Start of MATERIAL SUPPLIED

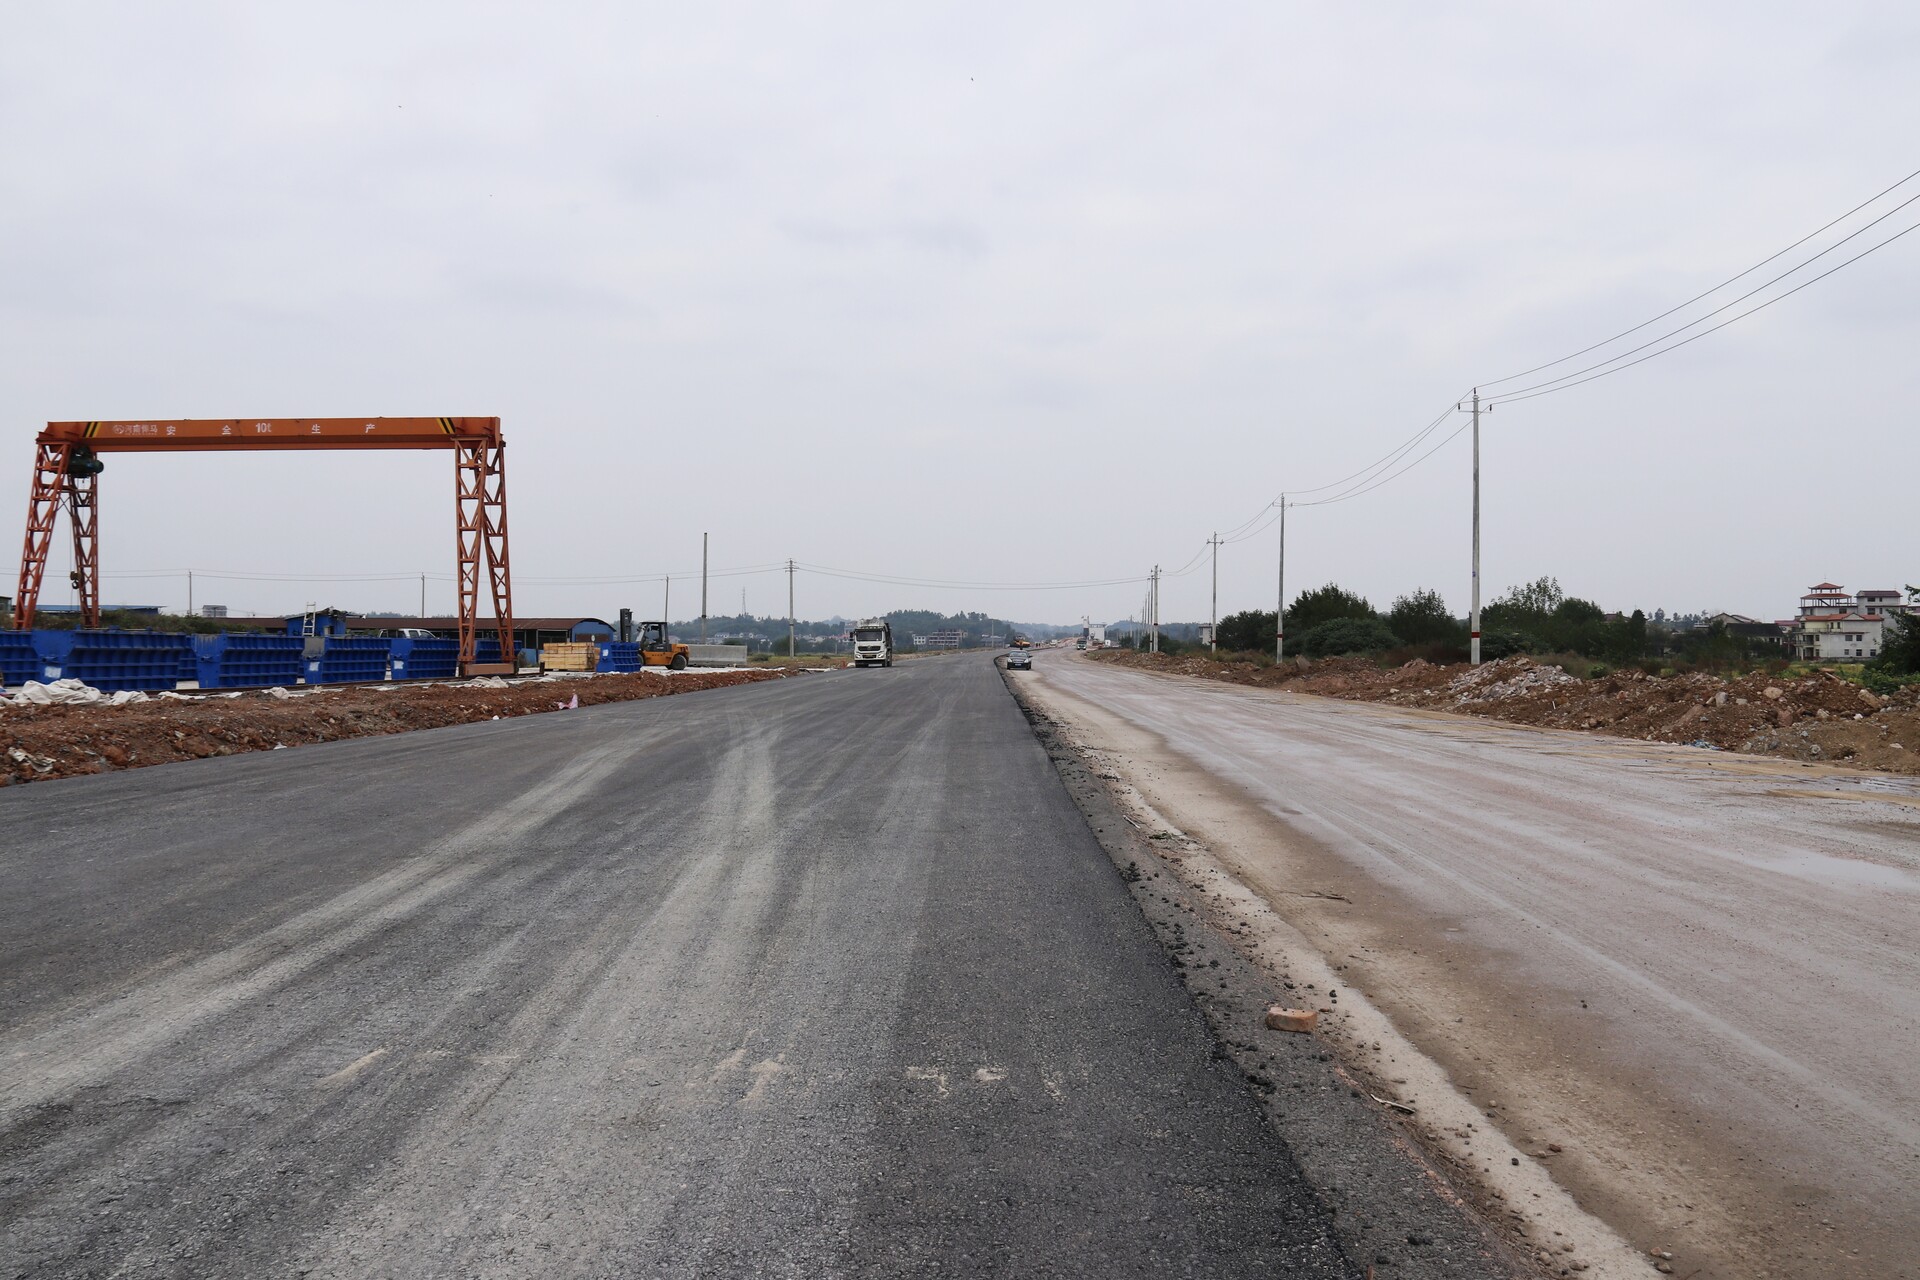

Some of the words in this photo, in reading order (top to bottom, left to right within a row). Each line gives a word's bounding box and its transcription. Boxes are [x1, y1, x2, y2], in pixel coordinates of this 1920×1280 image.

[166, 425, 176, 436] 安
[222, 424, 232, 436] 全
[255, 422, 272, 433] 10t
[311, 423, 322, 434] 生
[365, 422, 376, 434] 产
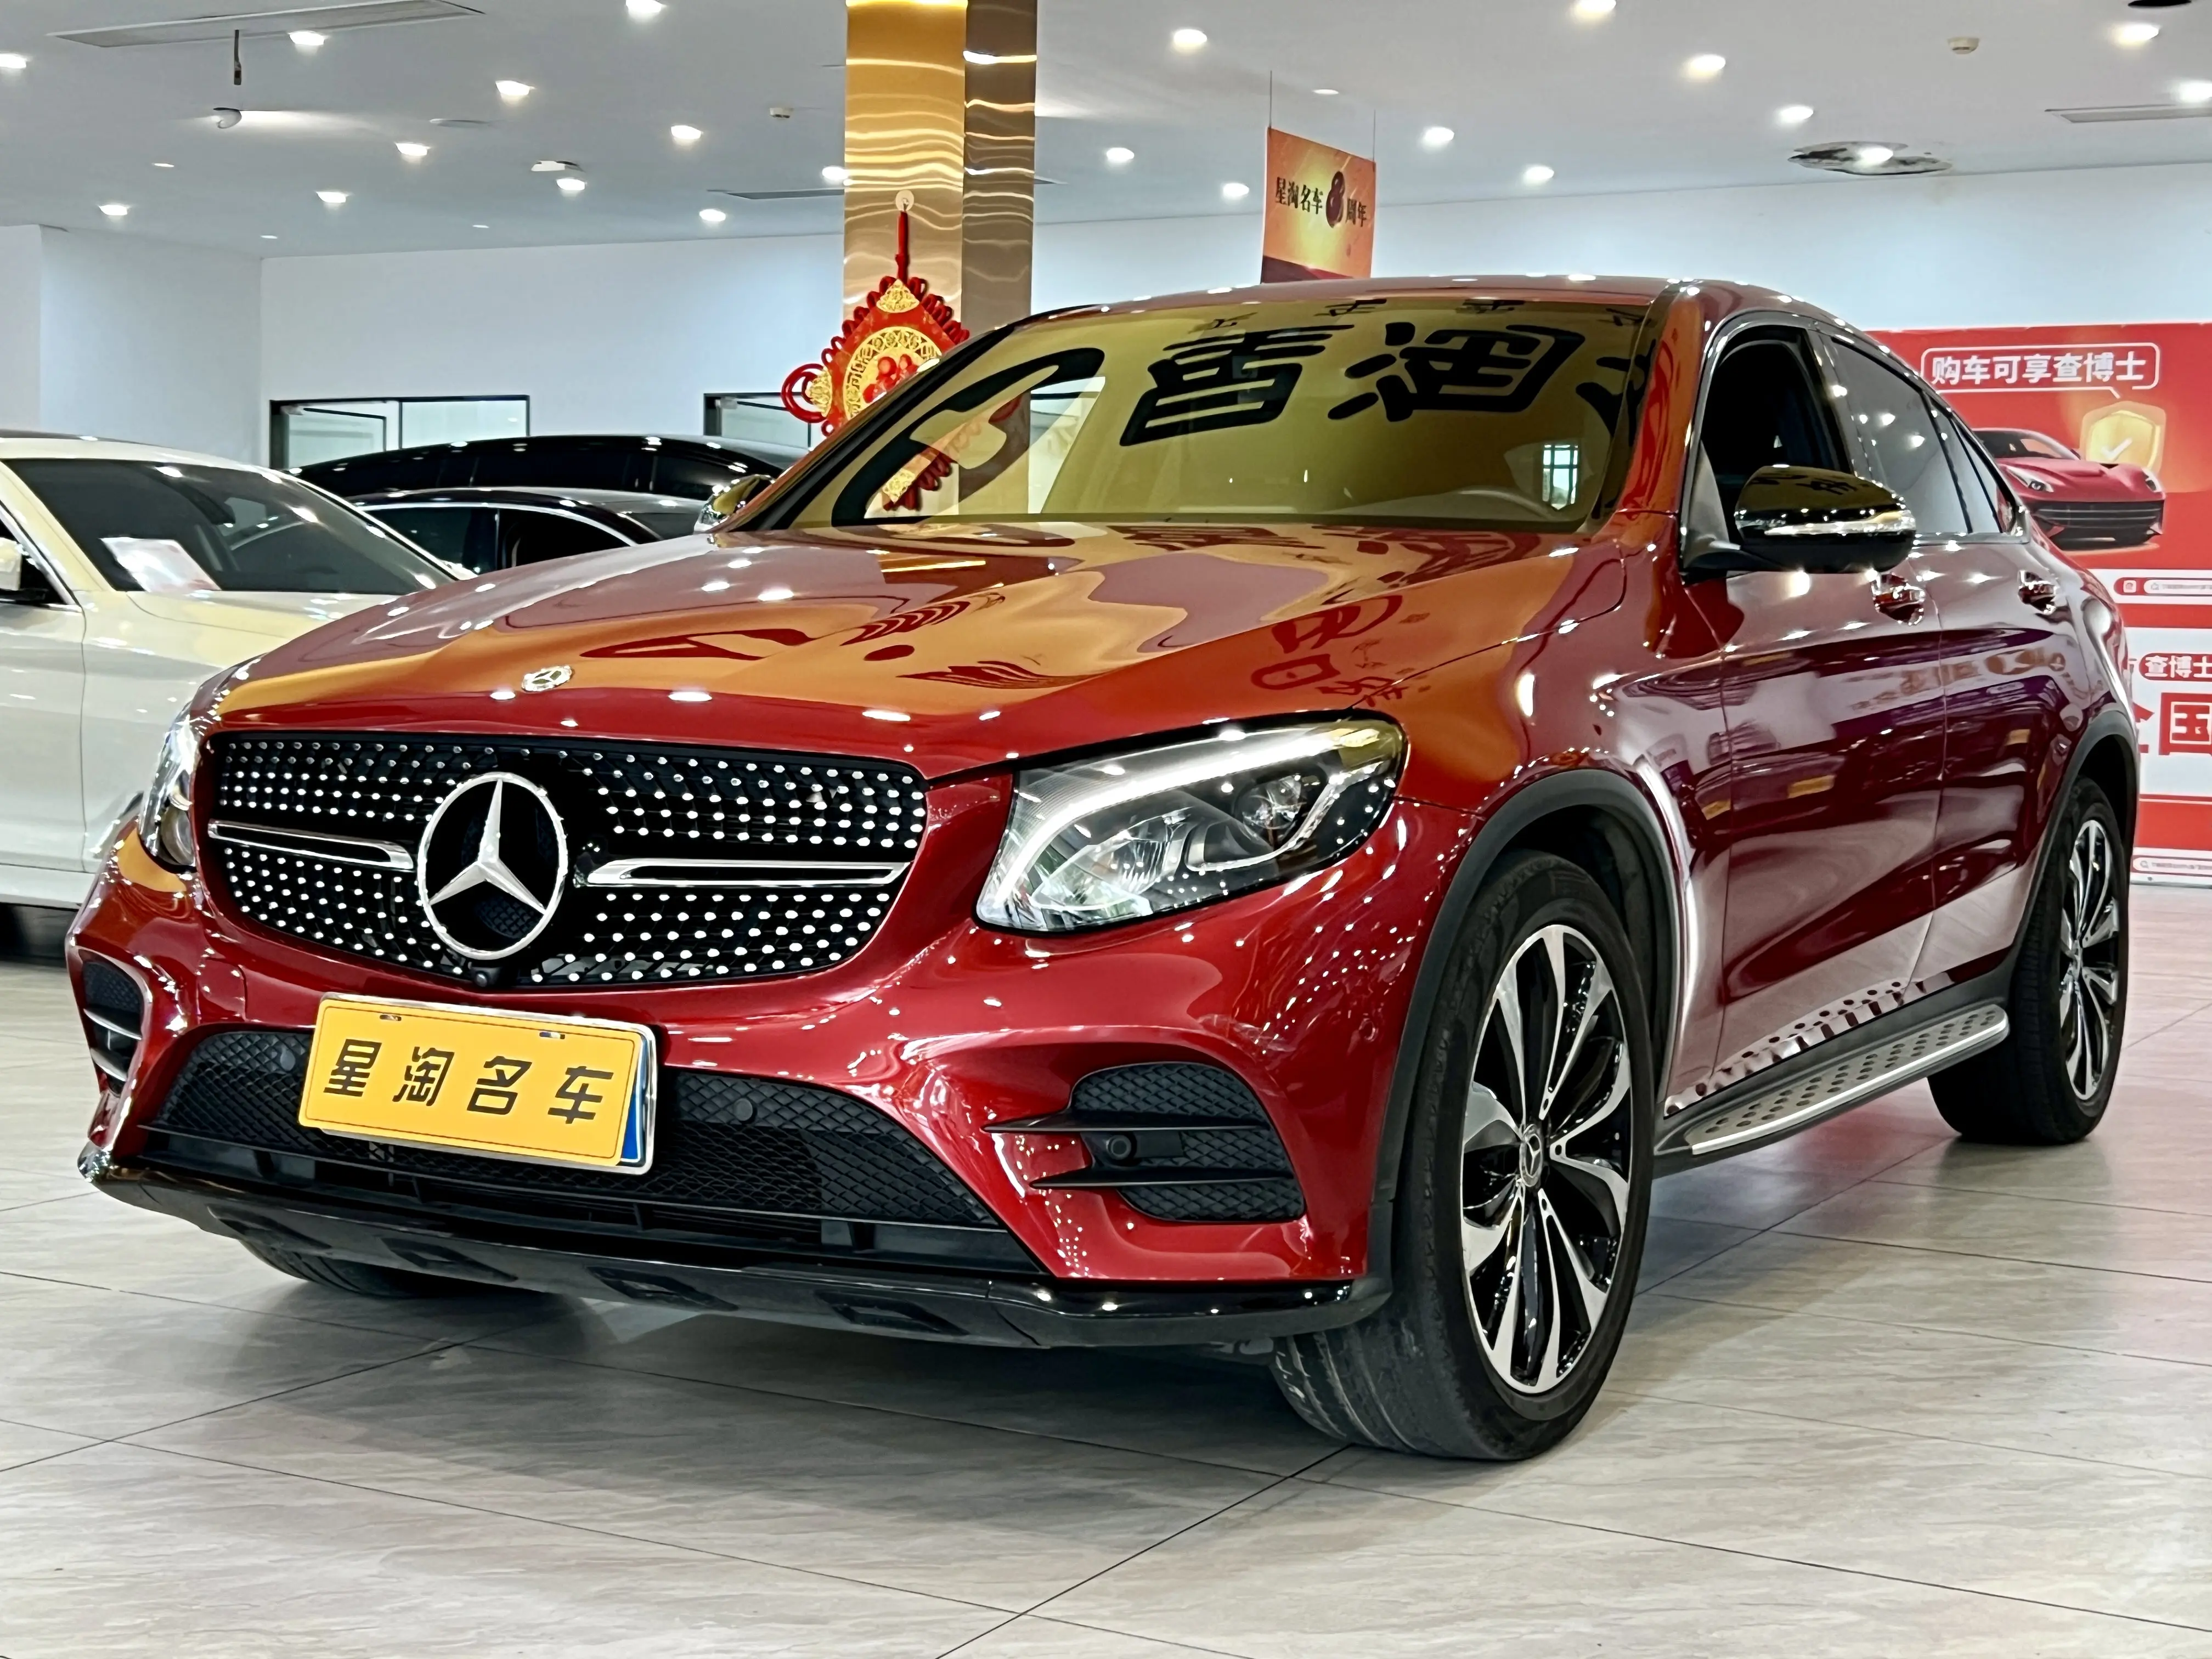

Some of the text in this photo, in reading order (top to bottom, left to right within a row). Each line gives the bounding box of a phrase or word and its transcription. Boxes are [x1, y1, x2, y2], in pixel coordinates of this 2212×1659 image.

[1931, 351, 2146, 385] 购车可享查博士
[2143, 654, 2212, 679] 查博士
[323, 1038, 614, 1125] 星淘名车

End of MATERIAL SUPPLIED

Please give back the material above exactly as written, pictures omitted.

■ **YOUR RESPONSE**
Some of the words in this photo, in reading order (top to bottom, left to right within a row). Each line gives a word's bounding box and its transcription. Boxes are [x1, y1, x2, y2], in pixel coordinates of this 1920×1280 image.

[166, 425, 176, 436] 安
[222, 424, 232, 436] 全
[255, 422, 272, 433] 10t
[311, 423, 322, 434] 生
[365, 422, 376, 434] 产

Some of the text in this photo, in reading order (top to bottom, left to right within a row). Each line gives the bounding box of a phrase or word and its transcription. Boxes are [x1, y1, x2, y2], in pixel coordinates of this 2212×1659 image.

[1931, 351, 2146, 385] 购车可享查博士
[2143, 654, 2212, 679] 查博士
[323, 1038, 614, 1125] 星淘名车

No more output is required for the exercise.